WHAT YOU HAVE TO DO: Output the data below exactly, without images.

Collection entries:
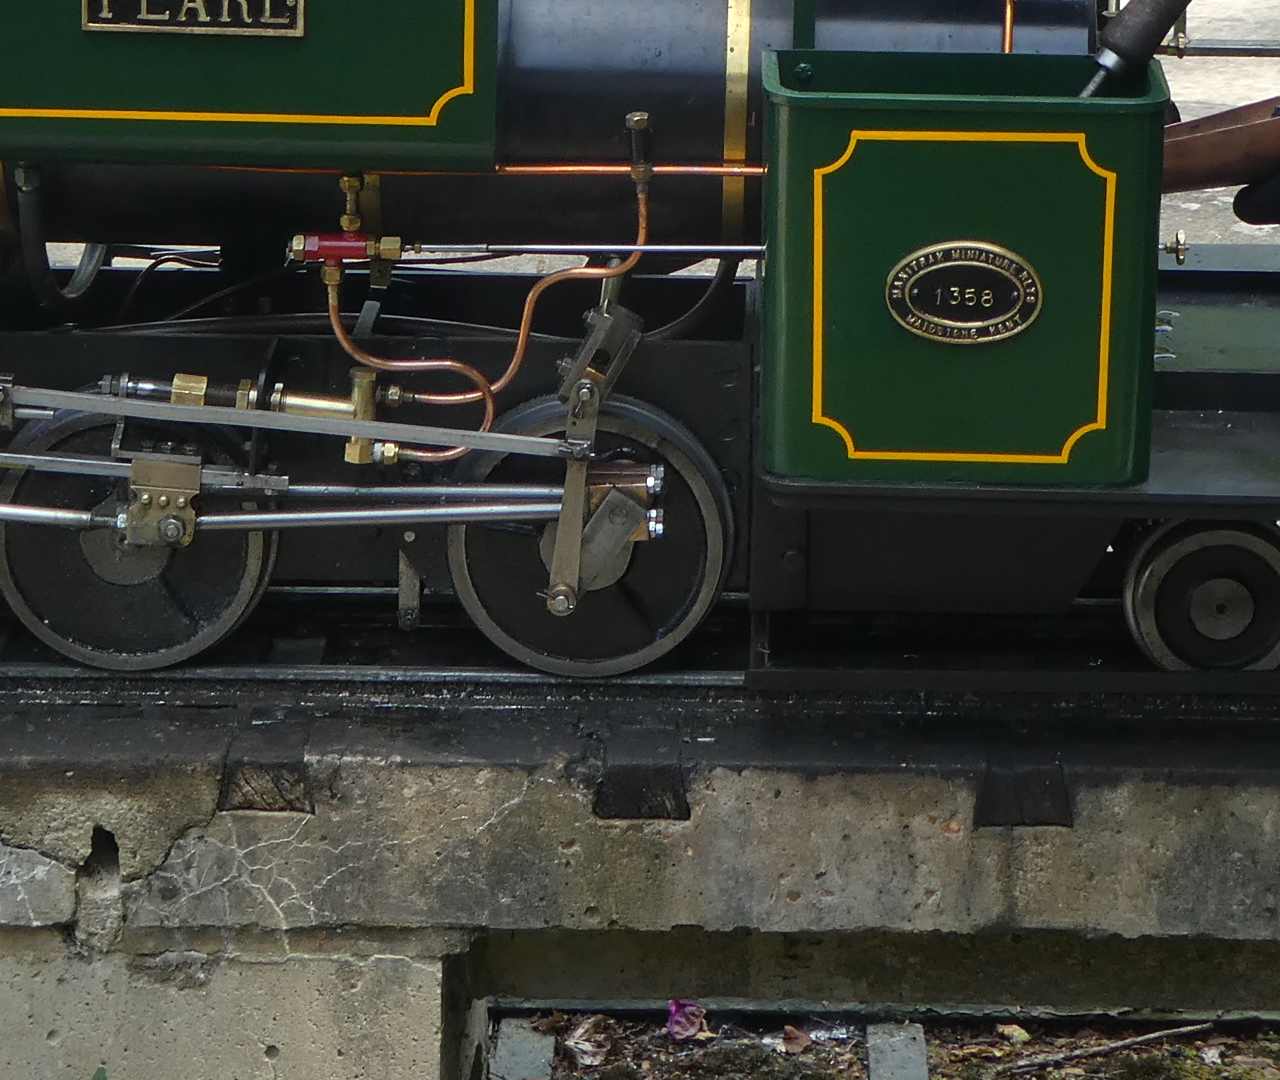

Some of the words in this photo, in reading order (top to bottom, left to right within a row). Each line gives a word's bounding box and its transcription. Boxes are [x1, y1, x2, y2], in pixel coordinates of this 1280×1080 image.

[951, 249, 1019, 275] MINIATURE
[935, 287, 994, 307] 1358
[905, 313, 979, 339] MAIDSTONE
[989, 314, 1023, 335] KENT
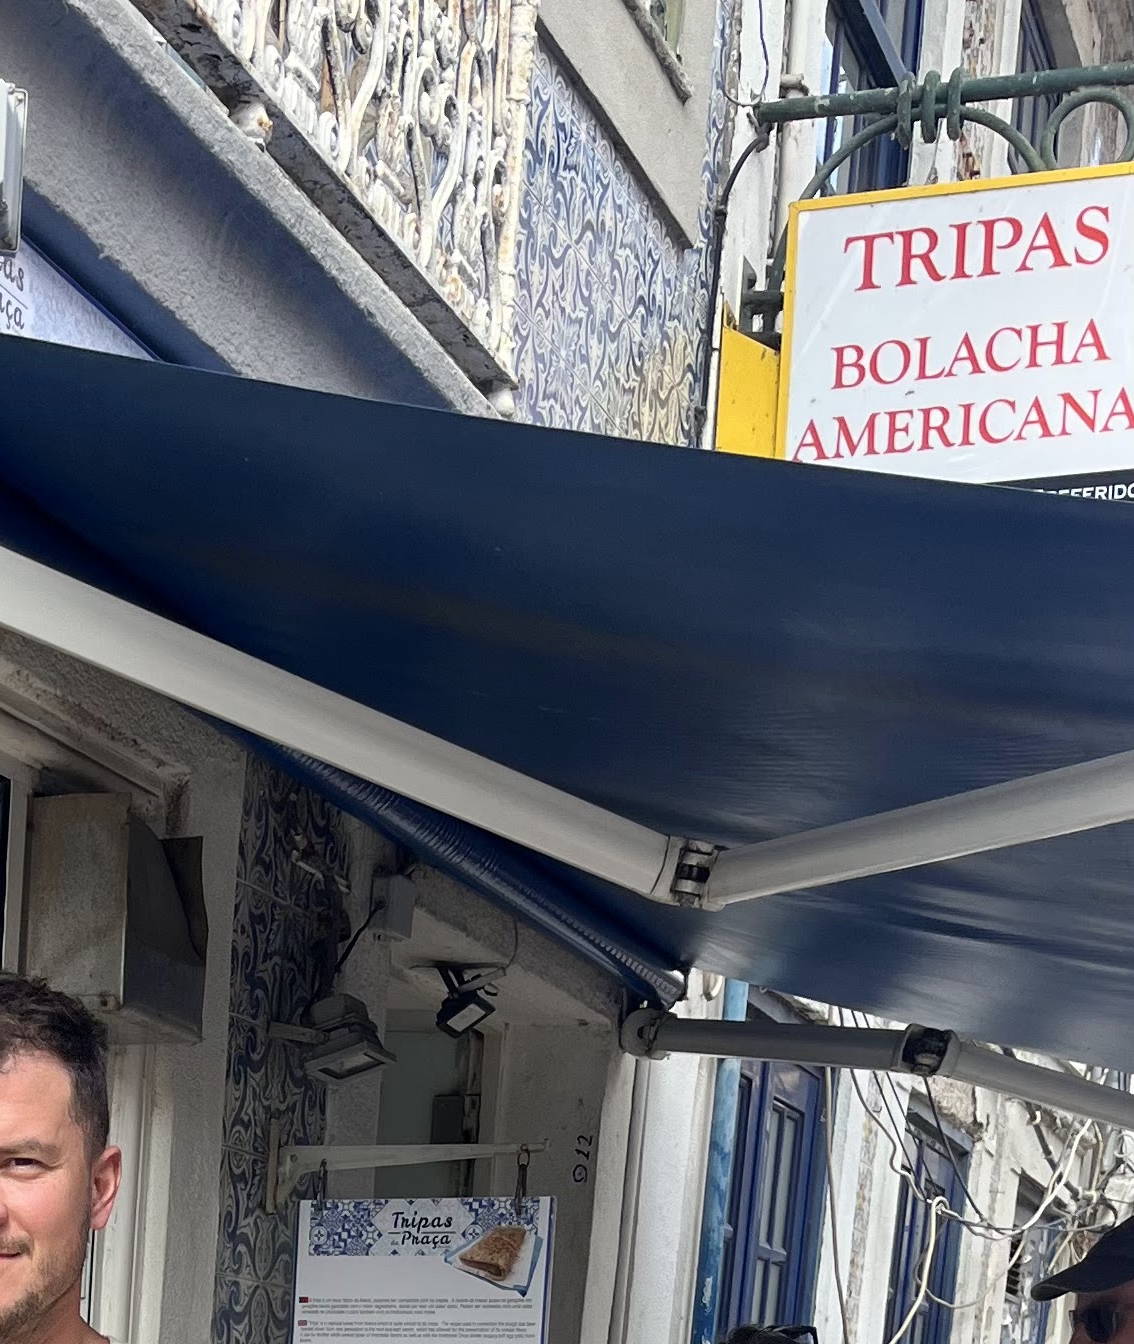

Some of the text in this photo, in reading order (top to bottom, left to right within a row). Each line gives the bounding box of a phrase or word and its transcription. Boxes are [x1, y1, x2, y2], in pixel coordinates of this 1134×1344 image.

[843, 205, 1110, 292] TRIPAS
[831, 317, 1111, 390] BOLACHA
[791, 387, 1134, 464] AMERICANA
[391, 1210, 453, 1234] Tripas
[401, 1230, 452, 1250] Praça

ANSWER FOR THE TASK:
Some of the words in this photo, in reading order (top to bottom, left to right within a row). Each line gives a word's bounding box and its transcription. Boxes are [x1, y1, x2, y2], in pixel coordinates of this 1280×1080 image.

[951, 249, 1019, 275] MINIATURE
[935, 287, 994, 307] 1358
[905, 313, 979, 339] MAIDSTONE
[989, 314, 1023, 335] KENT

Some of the text in this photo, in reading order (top to bottom, left to right within a row). Each line gives the bounding box of a phrase or word and its transcription. Boxes are [x1, y1, x2, y2], in pixel coordinates of this 1134×1344 image.

[843, 205, 1110, 292] TRIPAS
[831, 317, 1111, 390] BOLACHA
[791, 387, 1134, 464] AMERICANA
[391, 1210, 453, 1234] Tripas
[401, 1230, 452, 1250] Praça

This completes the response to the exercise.